Ein klares Ziel vorgeben

Wie geht „gute Führung“? Das haben Herdenmanager und Betriebsleiter beim Semex-Focus-Seminar diskutiert.

Viele Milchkuhbetriebe greifen mittlerweile auf Lohn-Arbeitskräfte zurück. Je mehr Mitarbeiter bei der Betreuung der Kühe unterstützen, desto komplexer werden nicht nur die Arbeitsplanung, sondern auch die „menschlichen“ Befindlichkeiten: Wie bleiben Mitarbeiter motiviert? Was erwarten sie von einer Chefin oder einem Chef?
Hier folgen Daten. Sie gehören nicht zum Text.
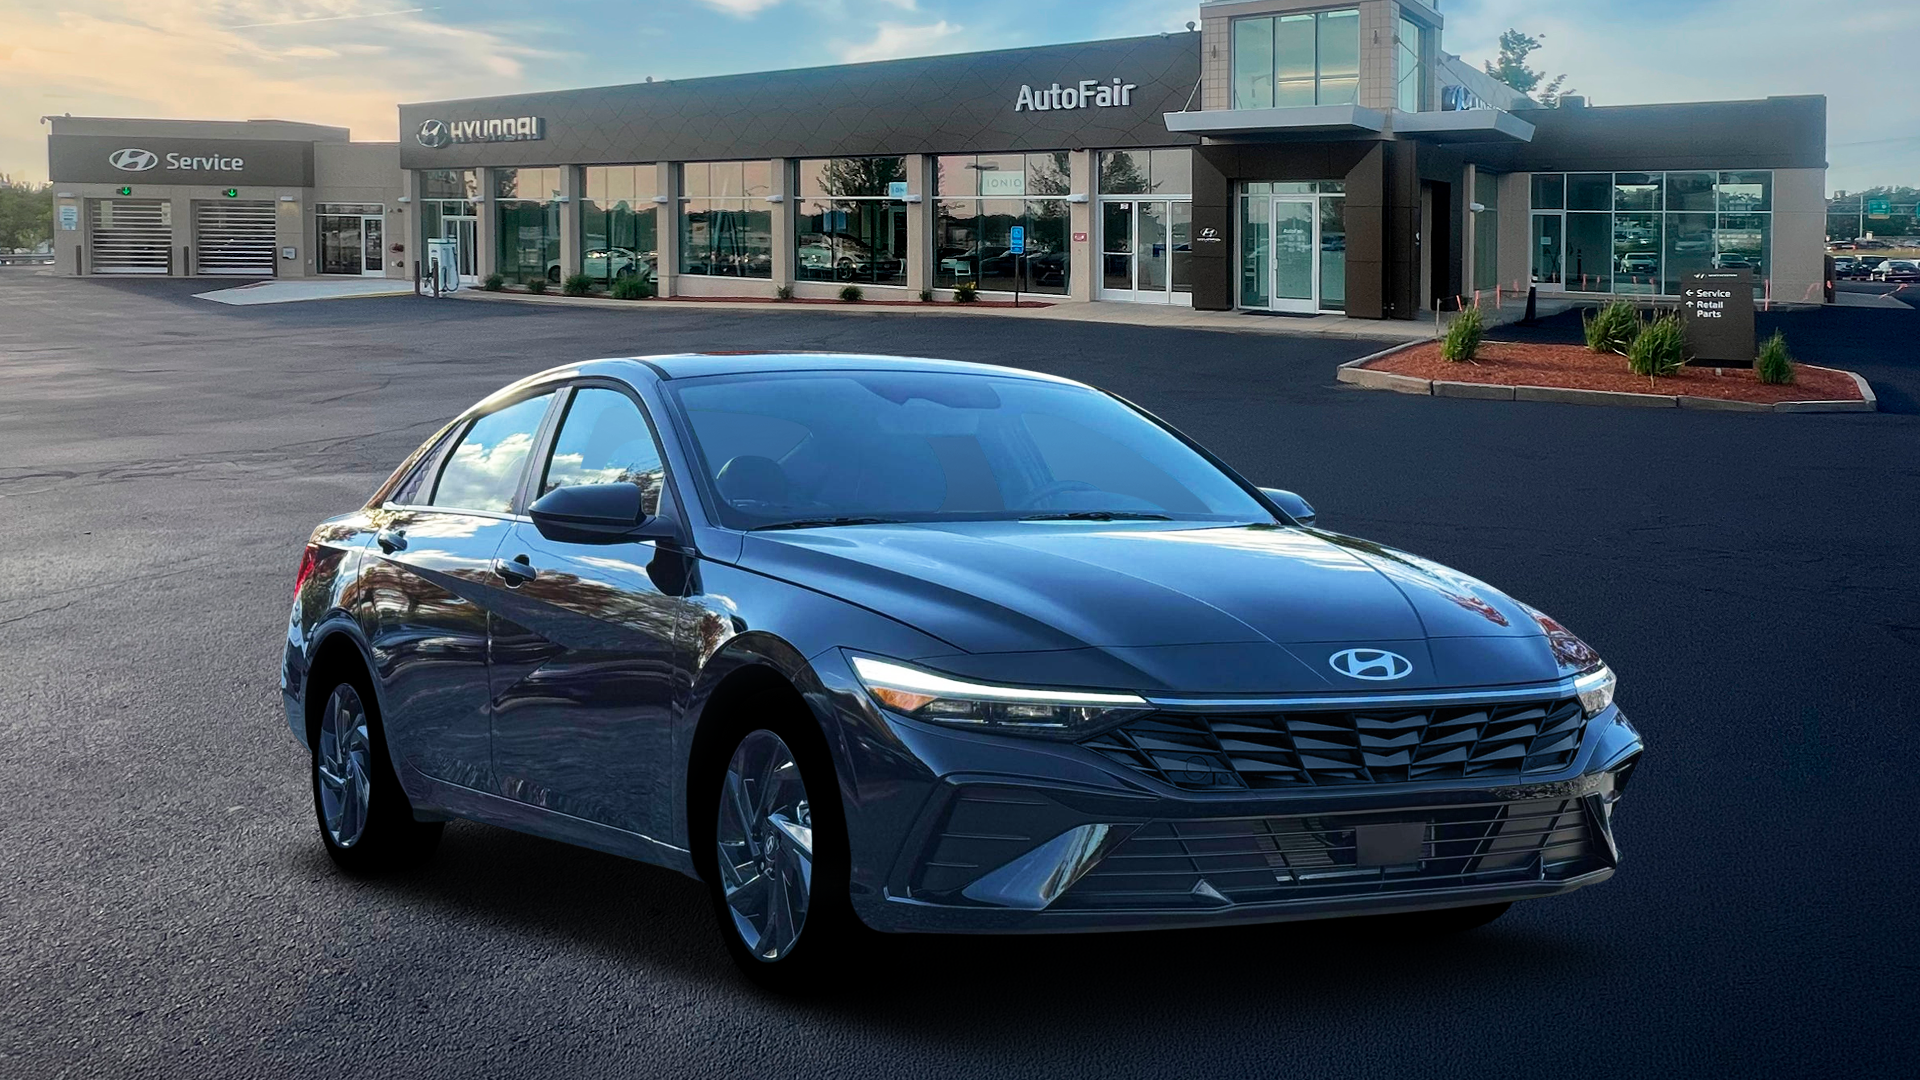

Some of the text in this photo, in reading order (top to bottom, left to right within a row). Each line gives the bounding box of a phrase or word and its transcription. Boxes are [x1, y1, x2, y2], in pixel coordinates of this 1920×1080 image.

[1015, 77, 1137, 112] AutoFair
[450, 116, 542, 142] HYUNDAI
[166, 152, 244, 171] Service
[1696, 289, 1731, 298] Service
[1696, 301, 1724, 309] Retail
[1696, 309, 1722, 318] Parts
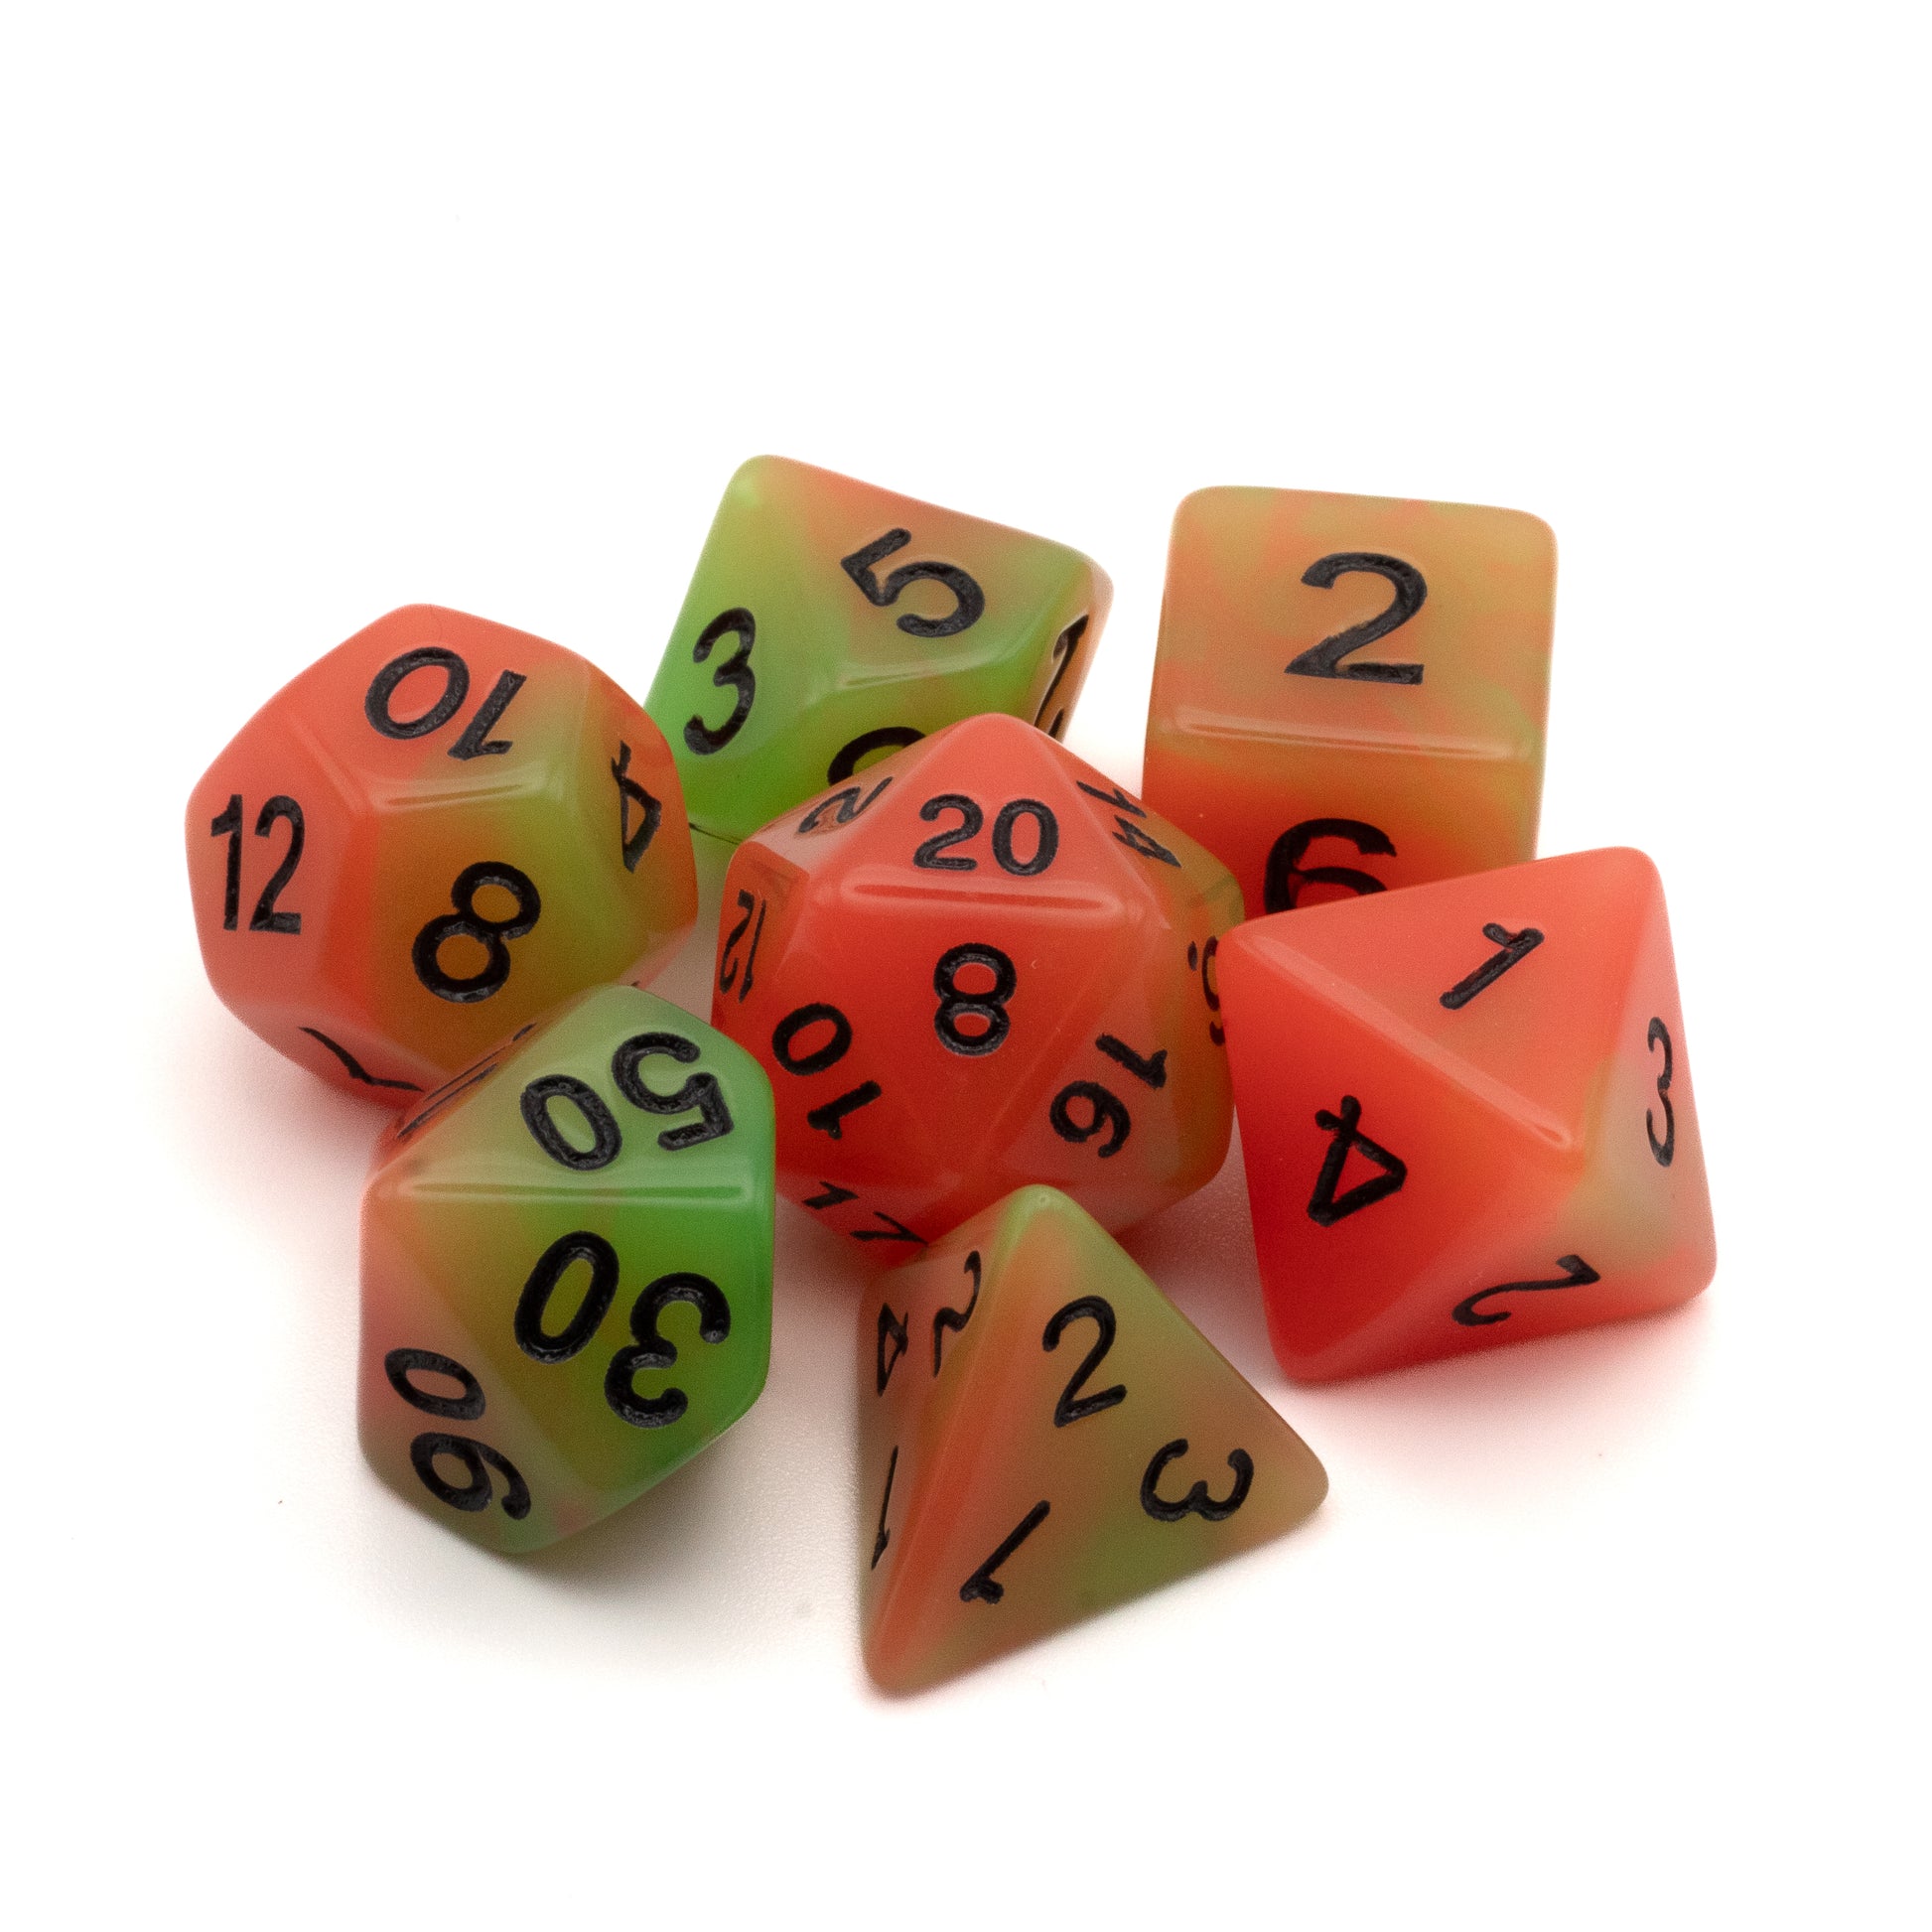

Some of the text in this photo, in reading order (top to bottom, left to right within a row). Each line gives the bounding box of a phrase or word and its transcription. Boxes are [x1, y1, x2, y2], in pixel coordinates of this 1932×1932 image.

[840, 527, 986, 638] 5
[1285, 552, 1428, 685] 2
[364, 646, 527, 760] 10
[683, 607, 757, 756] 3
[210, 794, 306, 935] 12
[611, 741, 661, 874] 4
[912, 793, 1059, 876] 20
[1263, 816, 1397, 915] 6
[411, 861, 542, 1004] 8
[719, 889, 767, 1003] 12
[1440, 922, 1545, 1011] 1
[933, 942, 1017, 1056] 8
[519, 1031, 737, 1172] 50
[771, 1002, 883, 1141] 10
[1049, 1034, 1169, 1159] 16
[1647, 1017, 1675, 1168] 3
[1307, 1095, 1408, 1227] 4
[512, 1229, 733, 1430] 30
[876, 1302, 909, 1398] 4
[1450, 1254, 1601, 1327] 2
[1042, 1295, 1128, 1429] 2
[870, 1445, 899, 1571] 1
[1139, 1438, 1255, 1523] 3
[959, 1499, 1051, 1605] 1
Wie führt man „richtig“? Antworten gab es u.a. bei Herdsman Olaf Warda, Beraterin Charlotte Rothert, Motivationstrainerin Antje Heimsoeth und Betriebsleiter Claus Luerßen.
Inhalte dieses Beitrags sind u.a.
  • Mitarbeiter „analysieren“ und ihren Stärken entsprechend einteilen
  • Als Chef ein Vorbild sein und das Ziel definieren
  • Auf die Wünsche der Mitarbeiter eingehen (Vereinbarkeit von Familie und Beruf) und sie in Entscheidungsprozesse einbeziehen

Aus Sicht des Mitarbeiters: die Richtung vorgeben

Was erwarten leitende Angestellte von ihren Chefs? Für Herdsman Olaf Warda ist die Sache klar: er möchte
  • Verantwortung übernehmen und sich einbringen dürfen,
  • gerecht behandelt und ernstgenommen werden, wenn ihm oder anderen einmal etwas zu viel wird.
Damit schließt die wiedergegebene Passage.